For LGBT People, the Bible Is a Weapon of Mass Destruction

The feel-good verses can’t cancel this reality
Anyone who has summoned the courage and energy to fight racism, misogyny, and anti-Semitism knows how much damage has been done by Bible texts; hatreds and unspeakable cruelties have been fueled and justified by literal interpretations of scripture.

Anger, aggression, and territoriality have been imbedded by evolution in the human brain. We have to work hard to subdue these traits, and far too much of the time we fail—as the history of warfare makes so clear. What a shame that ‘sacred’ scriptures have so often endorsed fear of the other, the alien, the unknown. If you really do believe that God had a hand in writing the Bible, what a disappointment; as I’ve noted before, his job performance was well below par on his inspire-the-Bible days.

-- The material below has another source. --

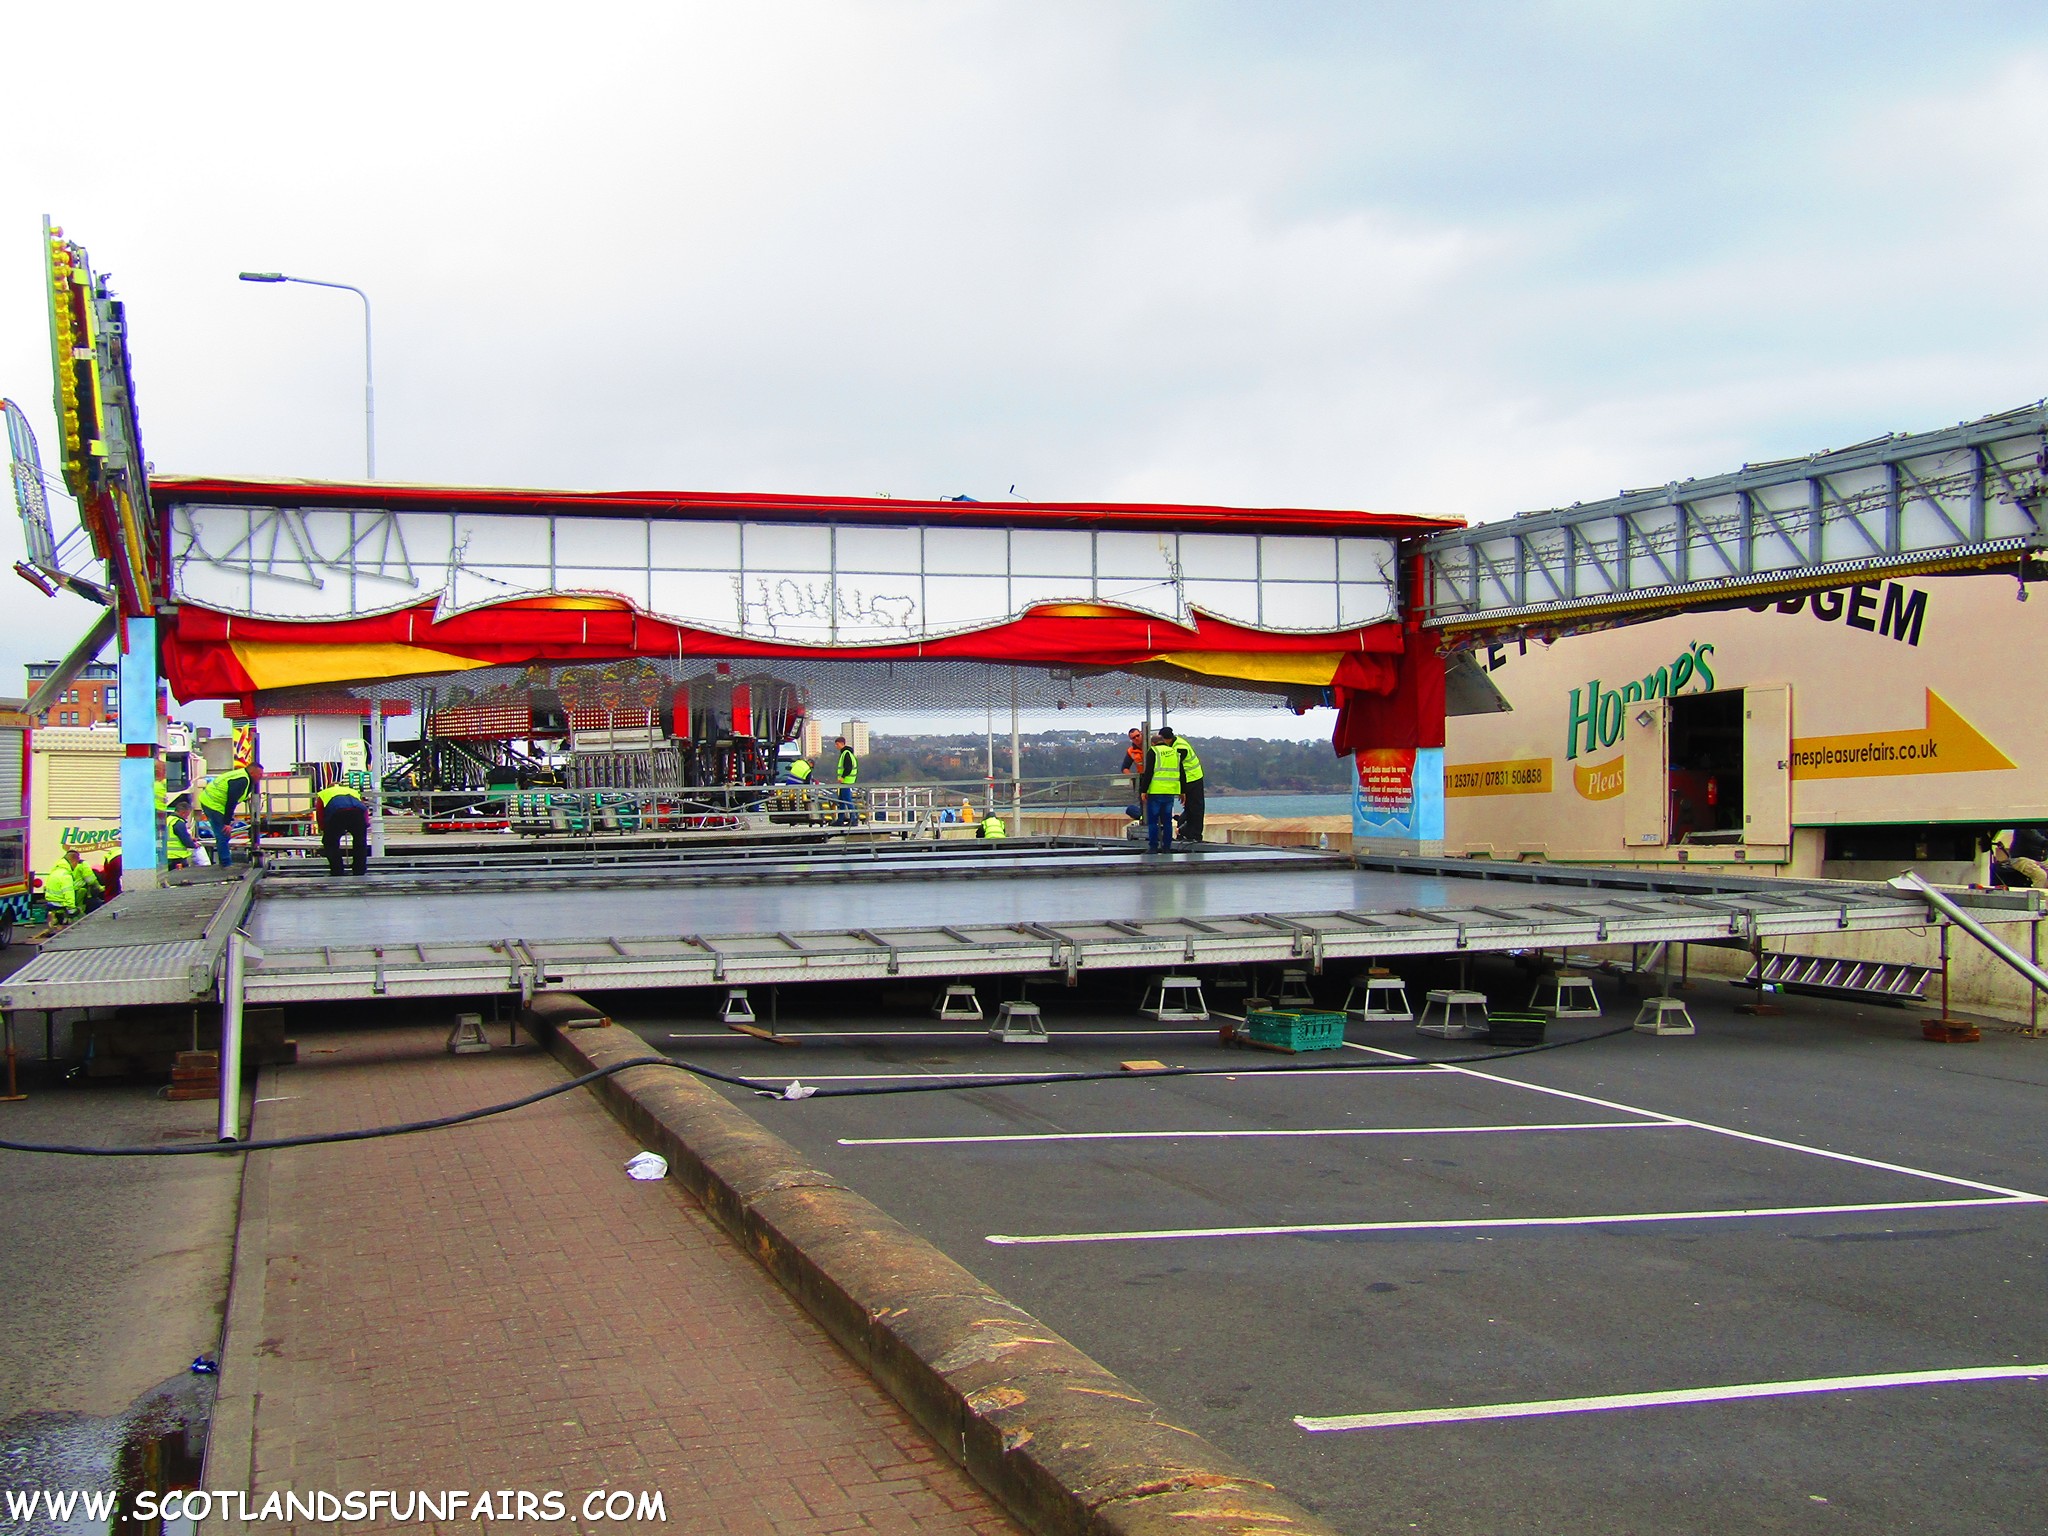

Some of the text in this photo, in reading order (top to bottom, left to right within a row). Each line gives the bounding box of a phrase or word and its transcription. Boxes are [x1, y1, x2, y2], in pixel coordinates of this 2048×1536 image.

[1455, 773, 1479, 788] 253767
[1486, 770, 1508, 786] 07831
[1512, 768, 1542, 784] 506858
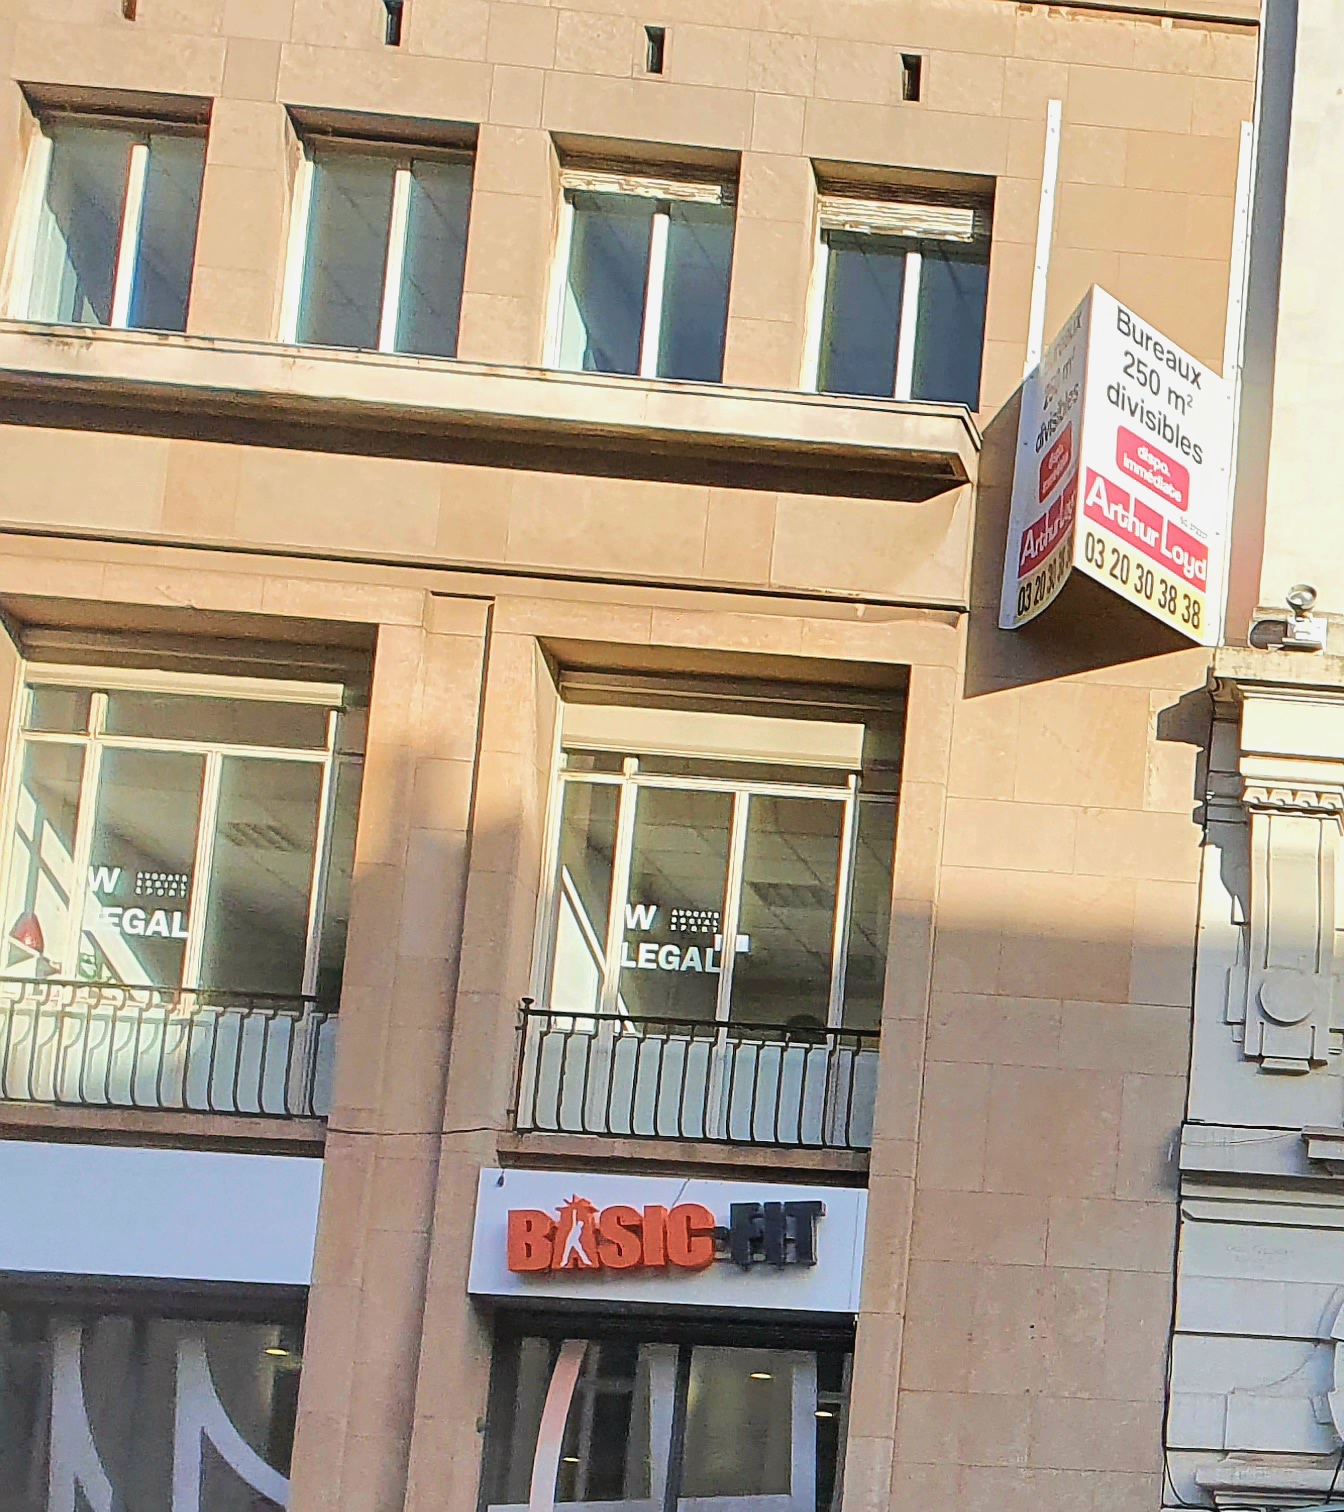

Many Christians, I am glad to say, use their brains, powers of perception and gifts of decency to put the Bible in its place. They can look at a text and declare, “No, that can’t be right,” or “We can be better than that.”

In this article I want to address the suffering inflicted on LGBT people because of the so-called ‘clobber texts’—those Bible verses that make it ‘perfectly clear’ that God considers homosexuality one of the gravest of sins. Moderate and liberal Christians utter an impatient, “Oh, please,” and look to the bigger picture of compassion they feel the Bible provides.

Full disclosure: I am gay, and have been with my husband for forty years. We were legally married not too long after we’d been together for thirty years.

But the most aggressive, high profile Christians—by which I mean evangelicals and conservative Catholics especially—continue to press the importance, the centrality, of the clobber texts. At the very least, these texts lurk behind their policies and pronouncements.

Here are the primary clobber texts:

• Leviticus 18:22: “You shall not lie with a male as with a woman; it is an abomination.”
• Leviticus 20:13: “If a man lies with a male as with a woman, both of them have committed an abomination; they shall be put to death; their blood is upon them.”
• Romans 1:26-27: “For this reason God gave them up to degrading passions. Their women exchanged natural intercourse for unnatural, and in the same way also the men, giving up natural intercourse with women, were consumed with passion for one another. Men committed shameless acts with men and received in their own persons the due penalty for their error.”

But the problem goes much deeper than the ‘clobber texts,’ doesn’t it? After all, why in the world do many Christians embrace these texts so avidly? Where does that come from? It really isn’t a Christian problem at all; traditional African, Muslim, and Asian cultures have also been virulently negative about same-sex attraction. This, I’m sure, stems from the ‘fear of the other, the alien, the unknown.’ And with respect to homosexuality, the revulsion is intense, in full defiance of rational thought.

This truth was brought home to me again by Garrard Conley’s 2016 book, Boy Erased: A Memoir of Identity, Faith, and Family. Mr. Conley was a gay boy raised in Arkansas, smothered in a cult known as Missionary Baptist—which knew, of course, that it was the only right religion.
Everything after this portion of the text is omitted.